Ce n'est pas que les Français soient stupides au point de ne pas savoir ce qui est de la viande de bétail mort et ce qui est du "steak végétal", une étiquette utilisée dans les supermarchés français depuis au moins 40 ans.

Le ministre français de l'agriculture, Marc Fesneau, n'est pas loin de suggérer que les Français sont stupides lorsqu'il parle d'"aider les consommateurs sur la question de l'honnêteté et de la transparence", mais tout le monde sait à quoi il joue réellement.

Il s'agit de handicaper l'industrie de la fausse viande : si vous ne pouvez pas dire "steak végétal", comment les clients peuvent-ils savoir à quoi il est censé se substituer ?

Eh bien, ces clients sont des végétaliens, ou du moins des personnes qui essaient de réduire la quantité de viande dans leur régime alimentaire. Ils méritent d'être désorientés parce qu'ils trahissent et sapent l'industrie de la viande. Qu'ils achètent leur "X végétal" et qu'ils s'étouffent avec.

Les gouvernements jouent le même jeu dans tout l'Occident. La revue "One Earth" a analysé les politiques agricoles des États-Unis et de l'Union européenne pour la période 2014-2020 et a constaté que seul un millième de l'argent public dépensé pour aider l'industrie de la viande et des produits laitiers a été consacré à des alternatives végétales.

En revanche, les éleveurs de bovins de l'Union européenne tirent au moins 50 % de leurs revenus de subventions publiques directes. "Le pouvoir du secteur de l'élevage, tant aux États-Unis qu'en Europe, et l'influence politique qu'il exerce sont tout simplement gigantesques", a déclaré Eric Lambin, de l'université de Stanford, coauteur de l'étude.

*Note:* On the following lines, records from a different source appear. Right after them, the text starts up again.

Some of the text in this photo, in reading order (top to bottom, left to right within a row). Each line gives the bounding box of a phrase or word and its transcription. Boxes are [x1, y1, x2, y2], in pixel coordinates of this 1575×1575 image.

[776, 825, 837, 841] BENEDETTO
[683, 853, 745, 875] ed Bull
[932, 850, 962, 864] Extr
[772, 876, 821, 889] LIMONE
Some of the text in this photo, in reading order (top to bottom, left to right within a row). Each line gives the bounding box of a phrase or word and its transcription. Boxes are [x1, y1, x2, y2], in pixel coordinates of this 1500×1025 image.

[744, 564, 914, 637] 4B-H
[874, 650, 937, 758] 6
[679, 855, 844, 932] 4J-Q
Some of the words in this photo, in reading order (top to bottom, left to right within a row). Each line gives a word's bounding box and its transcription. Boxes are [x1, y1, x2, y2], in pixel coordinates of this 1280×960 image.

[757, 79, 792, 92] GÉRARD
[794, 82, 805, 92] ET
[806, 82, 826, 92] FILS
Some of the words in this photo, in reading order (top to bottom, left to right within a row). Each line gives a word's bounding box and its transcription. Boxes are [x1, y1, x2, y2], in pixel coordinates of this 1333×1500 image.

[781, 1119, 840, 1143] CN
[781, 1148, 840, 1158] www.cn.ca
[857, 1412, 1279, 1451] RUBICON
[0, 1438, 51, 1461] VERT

Mais les acteurs de l'industrie de la viande ne comprennent-ils pas que la production de viande devra diminuer considérablement à mesure que le changement climatique s'accélère ? Que le bétail est responsable de près d'un dixième de l'ensemble des émissions de gaz à effet de serre, soit plus que toutes les autres productions alimentaires réunies ? Ne se rendent-ils pas compte qu'ils constituent une "industrie du crépuscule" ?

Bien sûr que si. Pas l'éleveur de bétail moyen, bien sûr : la plupart d'entre eux sont dans le déni. Mais les techniciens et les patrons de "Big Meat" - les transnationales comme Tyson Foods et Cargill (dont le siège est aux États-Unis), JBS et BRF (Brésil), Vion Food Group (Pays-Bas) et WH Group (Chine) - savent exactement ce que l'avenir leur réserve.

Ils savent que l'humanité s'est approprié 40 % de la surface terrestre de la planète pour son agriculture (contre 7 % en 1700), en supprimant les arbres et la plupart des espèces sauvages d'origine et en les remplaçant par nos propres cultures et animaux destinés à l'alimentation.

Ils savent que la moitié des terres agricoles du monde est consacrée à la production d'aliments pour le bétail. Oui, la moitié. Et ils savent que ce bétail rejette d'énormes quantités de méthane, le gaz à effet de serre qui agit le plus rapidement.

Ils savent que la pression exercée pour rendre cette moitié des terres agricoles à la nature ("rewild it") ne cessera de croître, car c'est le dernier espoir de préserver un éventail raisonnable de biodiversité sur la planète. Lorsque ces militants finiront par s'entendre avec les personnes qui tentent de réduire les émissions, la production de viande bovine et de produits laitiers reculera - mais la question est de savoir quand.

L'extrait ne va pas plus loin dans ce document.